[[ Task inputs, beginning ]]

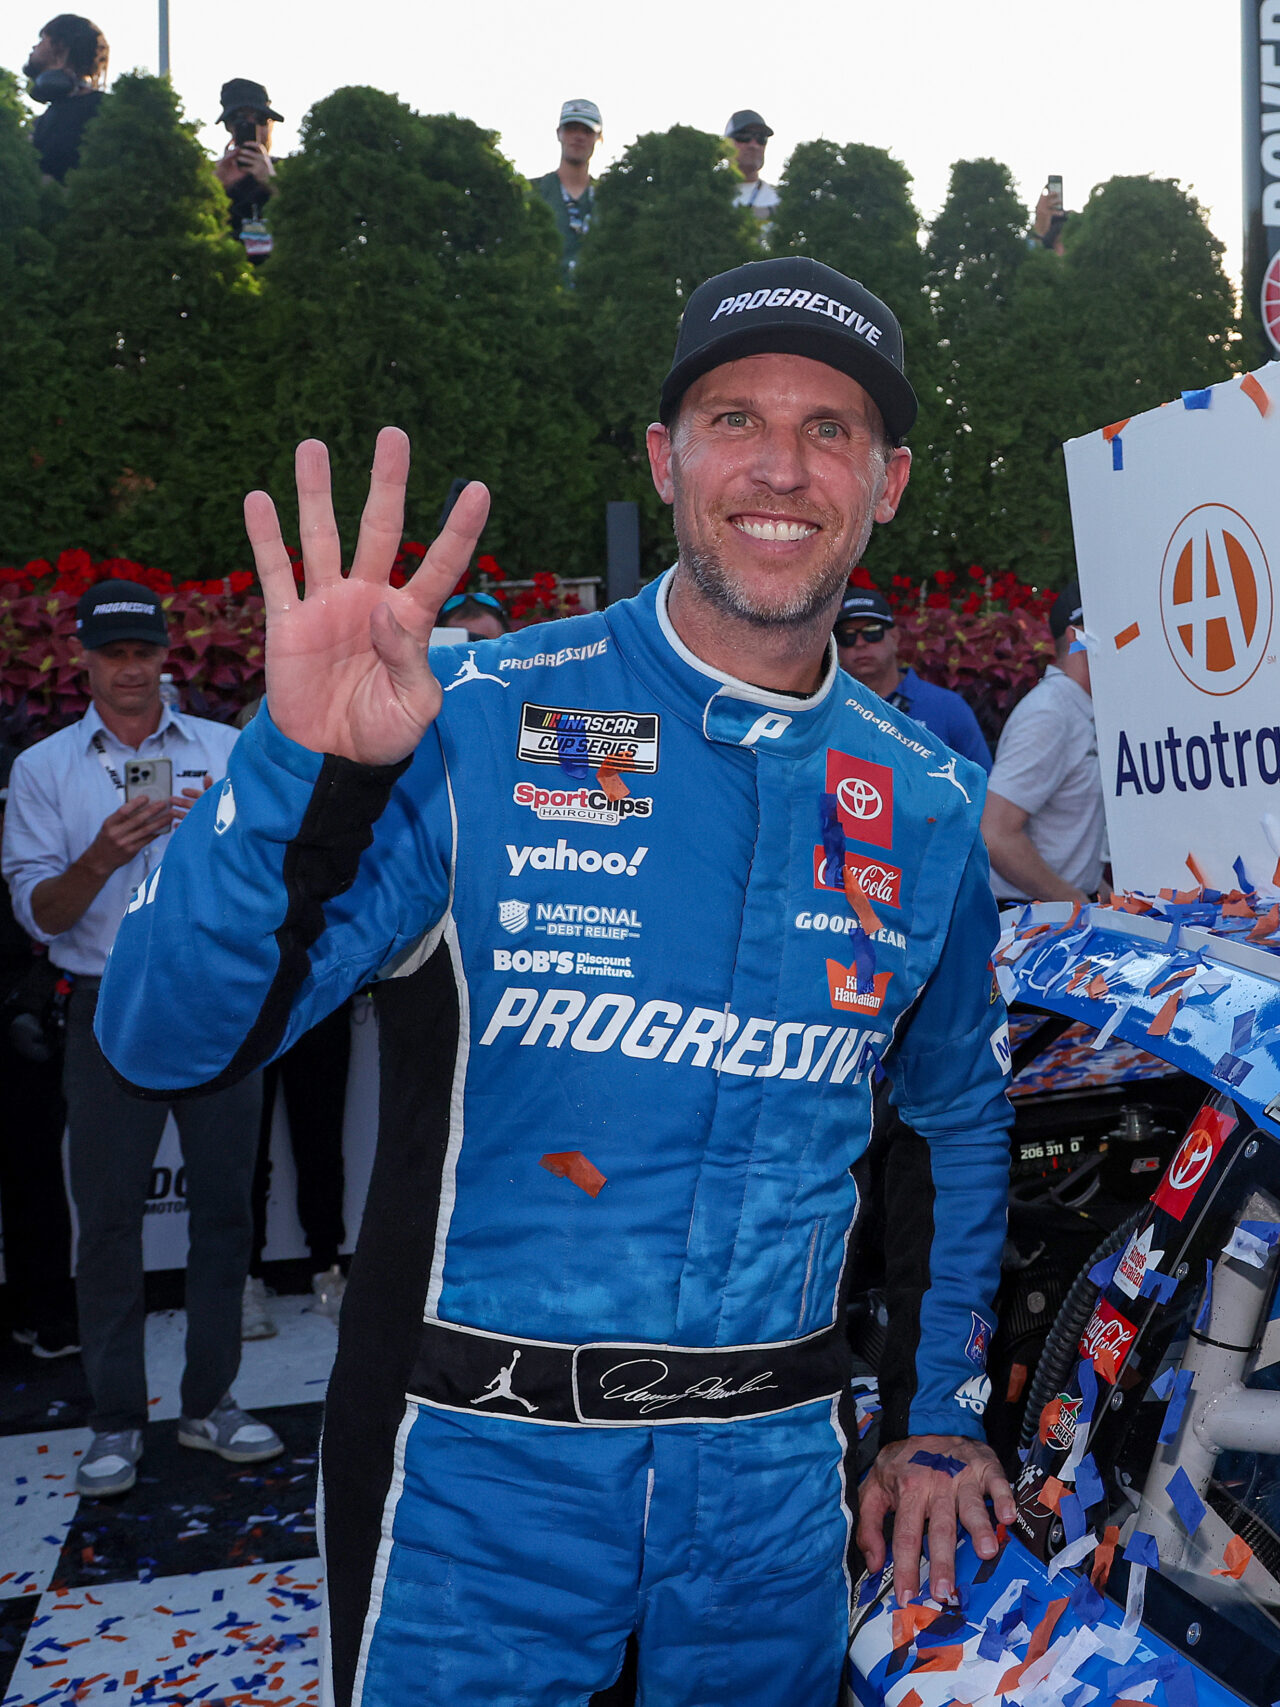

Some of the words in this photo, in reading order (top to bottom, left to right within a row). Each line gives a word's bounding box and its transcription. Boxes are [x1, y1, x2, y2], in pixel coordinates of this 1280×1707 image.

[709, 286, 883, 347] PROGRESSIVE
[498, 637, 609, 671] PROGRESSIVE
[567, 713, 639, 735] NASCAR
[738, 711, 793, 746] P
[538, 735, 574, 753] CUP
[575, 736, 639, 758] SERIES
[541, 808, 615, 822] HAIRCUTS
[505, 838, 649, 877] yahoo!
[536, 902, 643, 928] NATIONAL
[546, 922, 583, 937] DEBT
[584, 926, 630, 941] RELIEF
[493, 949, 575, 975] BOB'S
[576, 952, 632, 967] Discount
[834, 986, 882, 1009] Hawaiian
[478, 986, 888, 1085] PROGRESSIVE
[1020, 1146, 1044, 1160] 206
[1046, 1143, 1064, 1157] 311
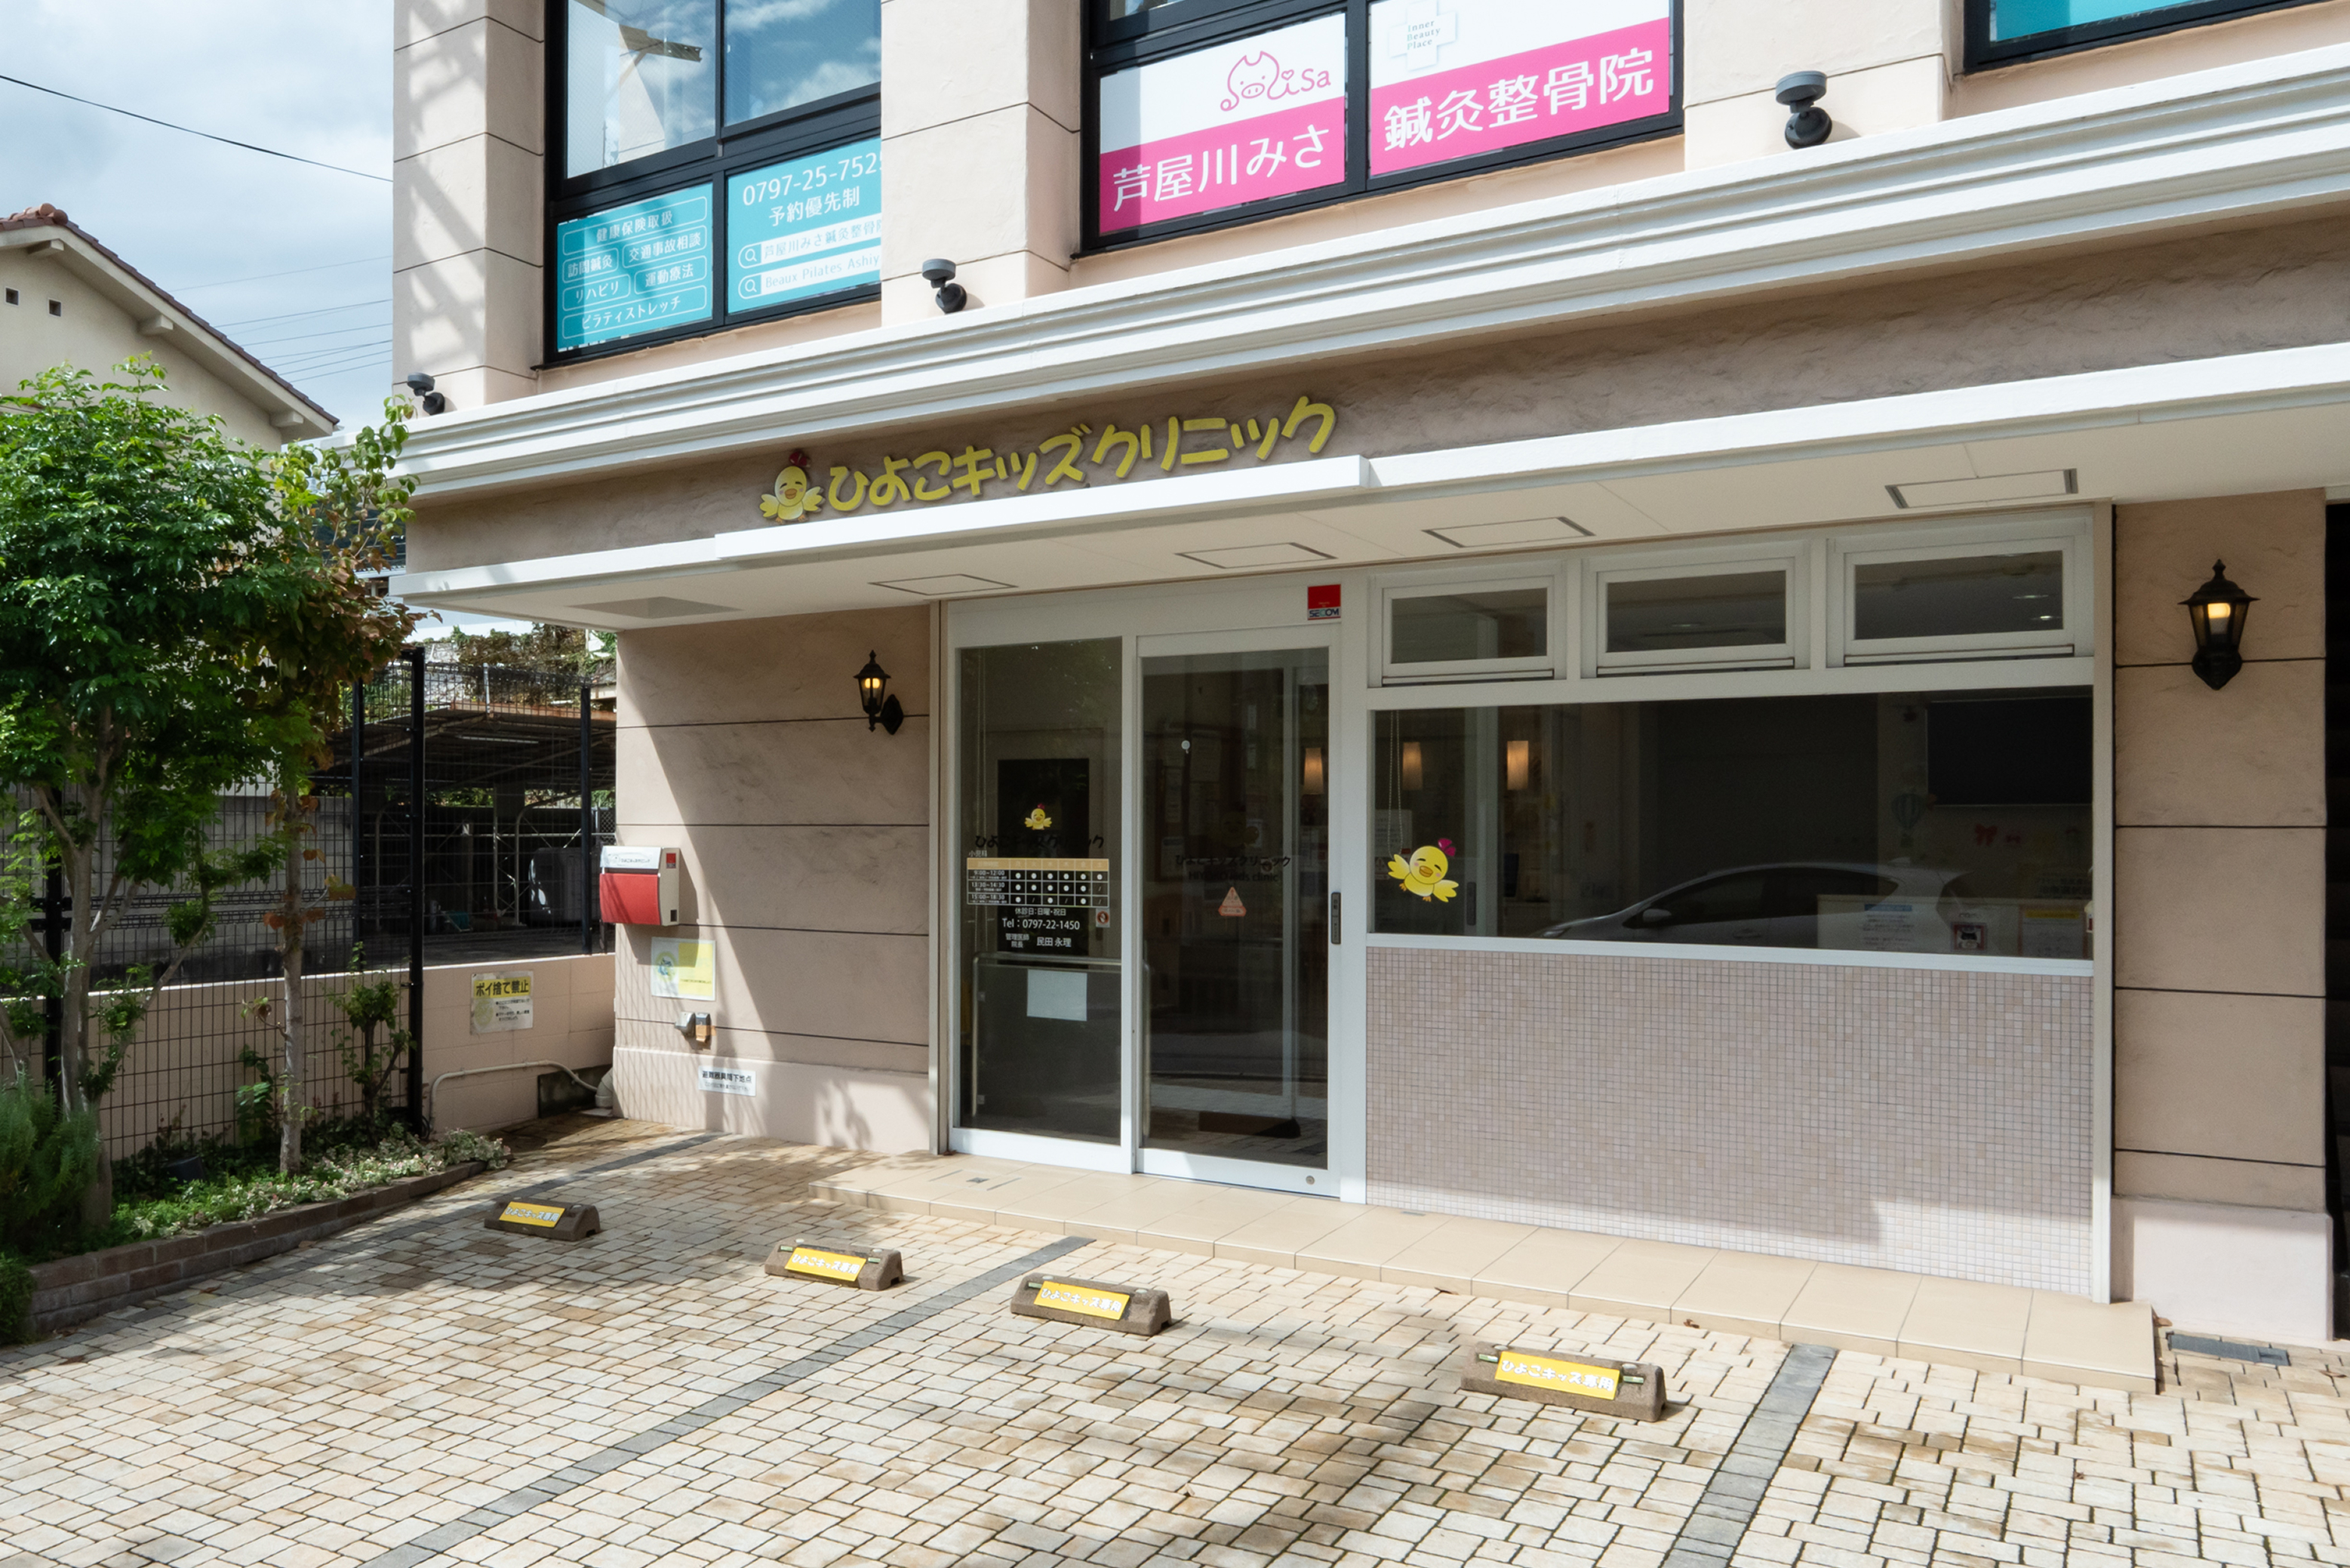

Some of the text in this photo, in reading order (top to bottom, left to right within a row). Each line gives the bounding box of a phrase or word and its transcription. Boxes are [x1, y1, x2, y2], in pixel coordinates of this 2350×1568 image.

[1407, 20, 1435, 32] Inner
[1407, 28, 1441, 42] Beauty
[1407, 38, 1432, 50] Place
[1383, 47, 1653, 151] 鍼灸整骨院
[743, 152, 881, 206] 0797-25-752
[1112, 124, 1330, 212] 芦屋川みさ
[769, 186, 860, 226] 予約優先制
[596, 210, 673, 243] 健康保険取扱
[568, 232, 702, 278] 訪問鍼灸 交通事故相談
[576, 263, 694, 303] リハビリ 運動療法
[765, 273, 798, 288] Beaux
[802, 263, 842, 280] Pilates
[828, 395, 1336, 512] ひよこキッズクリニック
[1309, 607, 1340, 618] SECOM
[1023, 919, 1080, 930] 0797-22-1450
[476, 979, 529, 996] ポイ捨て禁止
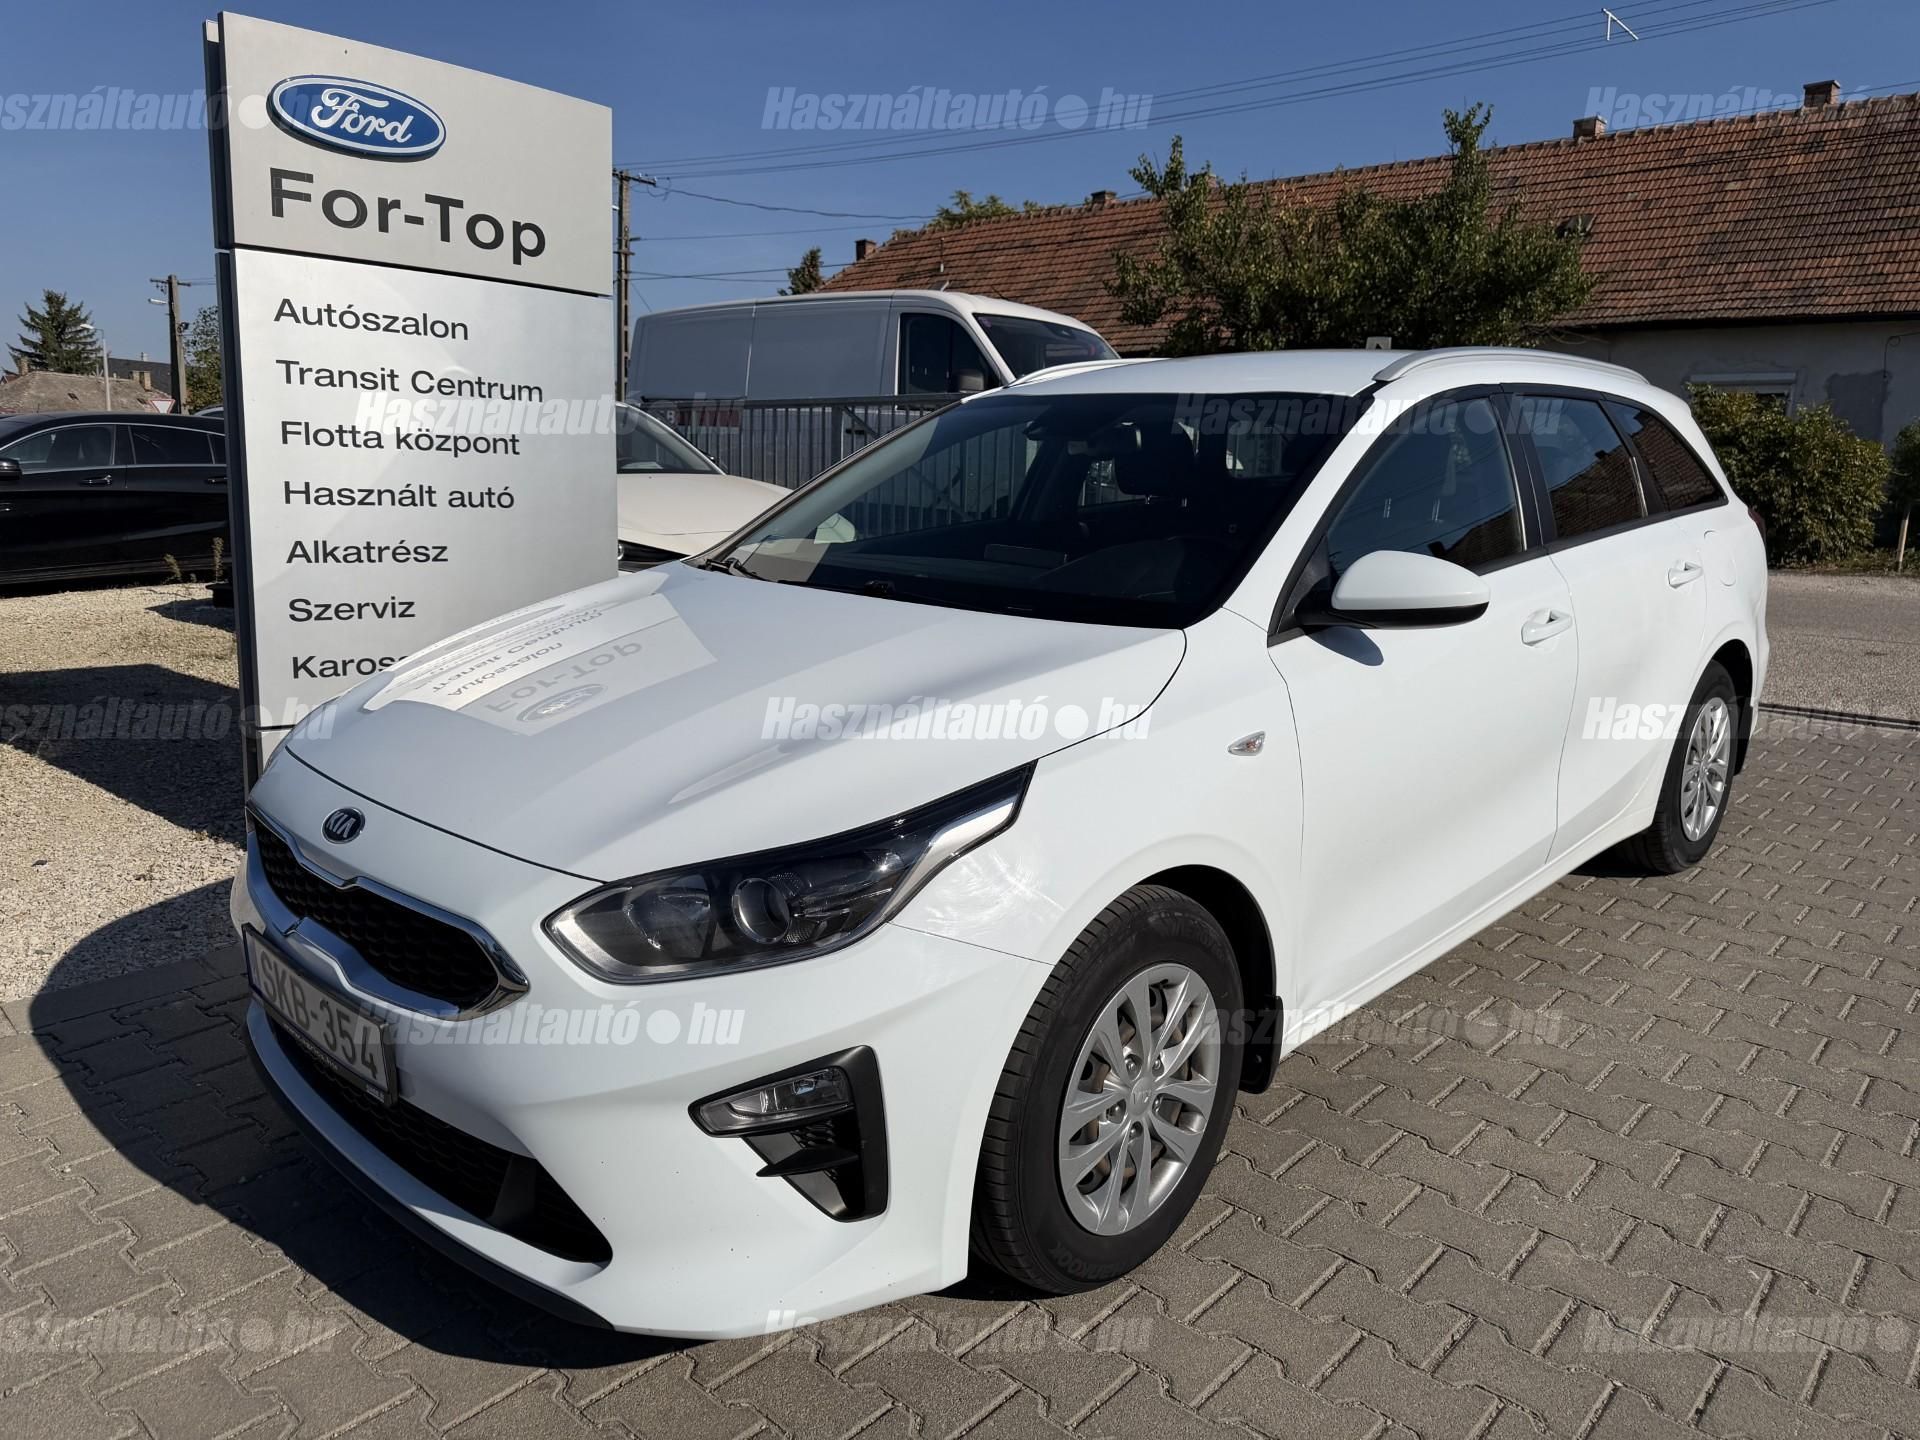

[[ Task inputs, end ]]

#### Activity:
Copy the listing character for character, pictures omitted.

#### Result:
Some of the words in this photo, in reading order (top to bottom, left to right within a row). Each line gives a word's bounding box and its transcription. Boxes are [x1, y1, x2, y2], in pixel coordinates of this 1280×1707 image.

[709, 286, 883, 347] PROGRESSIVE
[498, 637, 609, 671] PROGRESSIVE
[567, 713, 639, 735] NASCAR
[738, 711, 793, 746] P
[538, 735, 574, 753] CUP
[575, 736, 639, 758] SERIES
[541, 808, 615, 822] HAIRCUTS
[505, 838, 649, 877] yahoo!
[536, 902, 643, 928] NATIONAL
[546, 922, 583, 937] DEBT
[584, 926, 630, 941] RELIEF
[493, 949, 575, 975] BOB'S
[576, 952, 632, 967] Discount
[834, 986, 882, 1009] Hawaiian
[478, 986, 888, 1085] PROGRESSIVE
[1020, 1146, 1044, 1160] 206
[1046, 1143, 1064, 1157] 311

Some of the text in this photo, in reading order (top to bottom, left to right within a row). Each line gives the bounding box of a phrase or word and its transcription. Boxes are [x1, y1, x2, y2], in pixel coordinates of this 2350×1568 image.

[1407, 20, 1435, 32] Inner
[1407, 28, 1441, 42] Beauty
[1407, 38, 1432, 50] Place
[1383, 47, 1653, 151] 鍼灸整骨院
[743, 152, 881, 206] 0797-25-752
[1112, 124, 1330, 212] 芦屋川みさ
[769, 186, 860, 226] 予約優先制
[596, 210, 673, 243] 健康保険取扱
[568, 232, 702, 278] 訪問鍼灸 交通事故相談
[576, 263, 694, 303] リハビリ 運動療法
[765, 273, 798, 288] Beaux
[802, 263, 842, 280] Pilates
[828, 395, 1336, 512] ひよこキッズクリニック
[1309, 607, 1340, 618] SECOM
[1023, 919, 1080, 930] 0797-22-1450
[476, 979, 529, 996] ポイ捨て禁止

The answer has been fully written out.